■ WORK TO COMPLETE ■
In full and without alteration, give the listing again.

■ DATASET ENTRIES ■

☆ ☆ ☆ ☆ ☆

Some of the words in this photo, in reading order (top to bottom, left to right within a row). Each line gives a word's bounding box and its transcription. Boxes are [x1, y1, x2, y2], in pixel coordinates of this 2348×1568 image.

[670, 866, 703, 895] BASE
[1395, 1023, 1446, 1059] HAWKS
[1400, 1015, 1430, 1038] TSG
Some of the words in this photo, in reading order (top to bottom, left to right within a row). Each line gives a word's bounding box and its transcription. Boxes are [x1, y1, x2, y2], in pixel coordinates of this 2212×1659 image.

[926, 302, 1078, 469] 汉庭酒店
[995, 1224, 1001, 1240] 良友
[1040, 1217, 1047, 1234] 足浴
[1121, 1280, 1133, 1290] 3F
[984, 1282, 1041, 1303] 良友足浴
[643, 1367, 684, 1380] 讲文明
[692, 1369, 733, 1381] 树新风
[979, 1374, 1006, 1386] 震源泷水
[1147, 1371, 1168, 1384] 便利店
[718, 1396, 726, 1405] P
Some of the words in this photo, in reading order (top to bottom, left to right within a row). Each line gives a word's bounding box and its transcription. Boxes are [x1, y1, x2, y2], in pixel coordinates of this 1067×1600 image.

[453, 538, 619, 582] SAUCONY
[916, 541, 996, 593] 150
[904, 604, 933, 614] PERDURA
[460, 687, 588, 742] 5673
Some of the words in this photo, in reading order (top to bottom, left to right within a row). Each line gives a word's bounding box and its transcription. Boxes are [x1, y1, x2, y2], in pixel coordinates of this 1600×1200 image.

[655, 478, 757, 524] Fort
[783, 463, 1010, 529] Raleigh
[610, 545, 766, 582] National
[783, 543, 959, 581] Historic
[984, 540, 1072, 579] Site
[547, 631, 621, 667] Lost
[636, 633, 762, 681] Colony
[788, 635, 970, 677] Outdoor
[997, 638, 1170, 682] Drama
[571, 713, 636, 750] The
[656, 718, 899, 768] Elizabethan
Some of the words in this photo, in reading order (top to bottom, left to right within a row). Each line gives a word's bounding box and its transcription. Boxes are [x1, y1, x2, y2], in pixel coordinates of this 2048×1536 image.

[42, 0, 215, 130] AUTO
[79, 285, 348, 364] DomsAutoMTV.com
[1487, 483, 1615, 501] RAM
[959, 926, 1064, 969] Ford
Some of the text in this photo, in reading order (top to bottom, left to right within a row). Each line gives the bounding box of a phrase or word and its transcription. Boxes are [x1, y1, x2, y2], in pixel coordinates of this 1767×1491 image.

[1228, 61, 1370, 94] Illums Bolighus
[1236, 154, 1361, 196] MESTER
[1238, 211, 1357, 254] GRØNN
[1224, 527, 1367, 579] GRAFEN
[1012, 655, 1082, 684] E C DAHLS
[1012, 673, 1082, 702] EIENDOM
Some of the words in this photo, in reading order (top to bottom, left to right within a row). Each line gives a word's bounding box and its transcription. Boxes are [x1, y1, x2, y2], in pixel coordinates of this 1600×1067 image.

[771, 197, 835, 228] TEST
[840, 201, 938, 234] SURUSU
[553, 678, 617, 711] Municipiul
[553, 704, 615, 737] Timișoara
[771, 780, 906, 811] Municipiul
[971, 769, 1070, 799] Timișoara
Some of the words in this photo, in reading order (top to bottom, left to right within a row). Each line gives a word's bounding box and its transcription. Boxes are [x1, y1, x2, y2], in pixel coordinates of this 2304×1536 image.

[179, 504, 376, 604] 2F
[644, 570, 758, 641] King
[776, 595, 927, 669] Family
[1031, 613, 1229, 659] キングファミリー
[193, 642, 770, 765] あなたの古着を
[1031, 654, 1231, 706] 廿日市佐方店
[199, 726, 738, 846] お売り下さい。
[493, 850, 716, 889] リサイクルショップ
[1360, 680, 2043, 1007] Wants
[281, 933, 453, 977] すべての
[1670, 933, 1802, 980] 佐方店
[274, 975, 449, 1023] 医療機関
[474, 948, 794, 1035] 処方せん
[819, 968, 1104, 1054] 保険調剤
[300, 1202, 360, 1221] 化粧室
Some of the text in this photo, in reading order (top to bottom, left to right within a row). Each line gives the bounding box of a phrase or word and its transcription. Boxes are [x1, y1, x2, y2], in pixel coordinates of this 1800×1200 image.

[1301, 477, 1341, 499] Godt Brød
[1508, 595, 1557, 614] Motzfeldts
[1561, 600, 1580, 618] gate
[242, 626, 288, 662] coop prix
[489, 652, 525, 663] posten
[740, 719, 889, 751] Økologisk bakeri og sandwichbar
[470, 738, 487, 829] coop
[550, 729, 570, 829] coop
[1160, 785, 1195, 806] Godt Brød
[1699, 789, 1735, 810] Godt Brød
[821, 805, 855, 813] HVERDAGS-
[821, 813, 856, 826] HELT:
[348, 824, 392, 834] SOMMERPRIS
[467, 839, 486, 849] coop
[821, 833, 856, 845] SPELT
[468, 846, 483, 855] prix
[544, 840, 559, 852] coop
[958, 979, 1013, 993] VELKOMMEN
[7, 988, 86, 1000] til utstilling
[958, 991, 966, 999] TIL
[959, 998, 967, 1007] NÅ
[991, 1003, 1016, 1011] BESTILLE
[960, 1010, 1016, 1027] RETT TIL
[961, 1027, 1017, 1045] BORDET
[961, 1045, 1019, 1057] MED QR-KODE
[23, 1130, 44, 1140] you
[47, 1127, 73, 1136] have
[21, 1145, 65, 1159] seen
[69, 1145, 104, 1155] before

☆ ☆ ☆ ☆ ☆

■ SOLUTION ■
Some of the words in this photo, in reading order (top to bottom, left to right within a row). Each line gives a word's bounding box and its transcription. Boxes are [x1, y1, x2, y2], in pixel coordinates of this 2348×1568 image.

[670, 866, 703, 895] BASE
[1395, 1023, 1446, 1059] HAWKS
[1400, 1015, 1430, 1038] TSG
Some of the words in this photo, in reading order (top to bottom, left to right within a row). Each line gives a word's bounding box and its transcription. Boxes are [x1, y1, x2, y2], in pixel coordinates of this 2212×1659 image.

[926, 302, 1078, 469] 汉庭酒店
[995, 1224, 1001, 1240] 良友
[1040, 1217, 1047, 1234] 足浴
[1121, 1280, 1133, 1290] 3F
[984, 1282, 1041, 1303] 良友足浴
[643, 1367, 684, 1380] 讲文明
[692, 1369, 733, 1381] 树新风
[979, 1374, 1006, 1386] 震源泷水
[1147, 1371, 1168, 1384] 便利店
[718, 1396, 726, 1405] P
Some of the words in this photo, in reading order (top to bottom, left to right within a row). Each line gives a word's bounding box and its transcription. Boxes are [x1, y1, x2, y2], in pixel coordinates of this 1067×1600 image.

[453, 538, 619, 582] SAUCONY
[916, 541, 996, 593] 150
[904, 604, 933, 614] PERDURA
[460, 687, 588, 742] 5673
Some of the words in this photo, in reading order (top to bottom, left to right within a row). Each line gives a word's bounding box and its transcription. Boxes are [x1, y1, x2, y2], in pixel coordinates of this 1600×1200 image.

[655, 478, 757, 524] Fort
[783, 463, 1010, 529] Raleigh
[610, 545, 766, 582] National
[783, 543, 959, 581] Historic
[984, 540, 1072, 579] Site
[547, 631, 621, 667] Lost
[636, 633, 762, 681] Colony
[788, 635, 970, 677] Outdoor
[997, 638, 1170, 682] Drama
[571, 713, 636, 750] The
[656, 718, 899, 768] Elizabethan
Some of the words in this photo, in reading order (top to bottom, left to right within a row). Each line gives a word's bounding box and its transcription. Boxes are [x1, y1, x2, y2], in pixel coordinates of this 2048×1536 image.

[42, 0, 215, 130] AUTO
[79, 285, 348, 364] DomsAutoMTV.com
[1487, 483, 1615, 501] RAM
[959, 926, 1064, 969] Ford
Some of the text in this photo, in reading order (top to bottom, left to right within a row). Each line gives the bounding box of a phrase or word and its transcription. Boxes are [x1, y1, x2, y2], in pixel coordinates of this 1767×1491 image.

[1228, 61, 1370, 94] Illums Bolighus
[1236, 154, 1361, 196] MESTER
[1238, 211, 1357, 254] GRØNN
[1224, 527, 1367, 579] GRAFEN
[1012, 655, 1082, 684] E C DAHLS
[1012, 673, 1082, 702] EIENDOM
Some of the words in this photo, in reading order (top to bottom, left to right within a row). Each line gives a word's bounding box and its transcription. Boxes are [x1, y1, x2, y2], in pixel coordinates of this 1600×1067 image.

[771, 197, 835, 228] TEST
[840, 201, 938, 234] SURUSU
[553, 678, 617, 711] Municipiul
[553, 704, 615, 737] Timișoara
[771, 780, 906, 811] Municipiul
[971, 769, 1070, 799] Timișoara
Some of the words in this photo, in reading order (top to bottom, left to right within a row). Each line gives a word's bounding box and its transcription. Boxes are [x1, y1, x2, y2], in pixel coordinates of this 2304×1536 image.

[179, 504, 376, 604] 2F
[644, 570, 758, 641] King
[776, 595, 927, 669] Family
[1031, 613, 1229, 659] キングファミリー
[193, 642, 770, 765] あなたの古着を
[1031, 654, 1231, 706] 廿日市佐方店
[199, 726, 738, 846] お売り下さい。
[493, 850, 716, 889] リサイクルショップ
[1360, 680, 2043, 1007] Wants
[281, 933, 453, 977] すべての
[1670, 933, 1802, 980] 佐方店
[274, 975, 449, 1023] 医療機関
[474, 948, 794, 1035] 処方せん
[819, 968, 1104, 1054] 保険調剤
[300, 1202, 360, 1221] 化粧室
Some of the text in this photo, in reading order (top to bottom, left to right within a row). Each line gives the bounding box of a phrase or word and its transcription. Boxes are [x1, y1, x2, y2], in pixel coordinates of this 1800×1200 image.

[1301, 477, 1341, 499] Godt Brød
[1508, 595, 1557, 614] Motzfeldts
[1561, 600, 1580, 618] gate
[242, 626, 288, 662] coop prix
[489, 652, 525, 663] posten
[740, 719, 889, 751] Økologisk bakeri og sandwichbar
[470, 738, 487, 829] coop
[550, 729, 570, 829] coop
[1160, 785, 1195, 806] Godt Brød
[1699, 789, 1735, 810] Godt Brød
[821, 805, 855, 813] HVERDAGS-
[821, 813, 856, 826] HELT:
[348, 824, 392, 834] SOMMERPRIS
[467, 839, 486, 849] coop
[821, 833, 856, 845] SPELT
[468, 846, 483, 855] prix
[544, 840, 559, 852] coop
[958, 979, 1013, 993] VELKOMMEN
[7, 988, 86, 1000] til utstilling
[958, 991, 966, 999] TIL
[959, 998, 967, 1007] NÅ
[991, 1003, 1016, 1011] BESTILLE
[960, 1010, 1016, 1027] RETT TIL
[961, 1027, 1017, 1045] BORDET
[961, 1045, 1019, 1057] MED QR-KODE
[23, 1130, 44, 1140] you
[47, 1127, 73, 1136] have
[21, 1145, 65, 1159] seen
[69, 1145, 104, 1155] before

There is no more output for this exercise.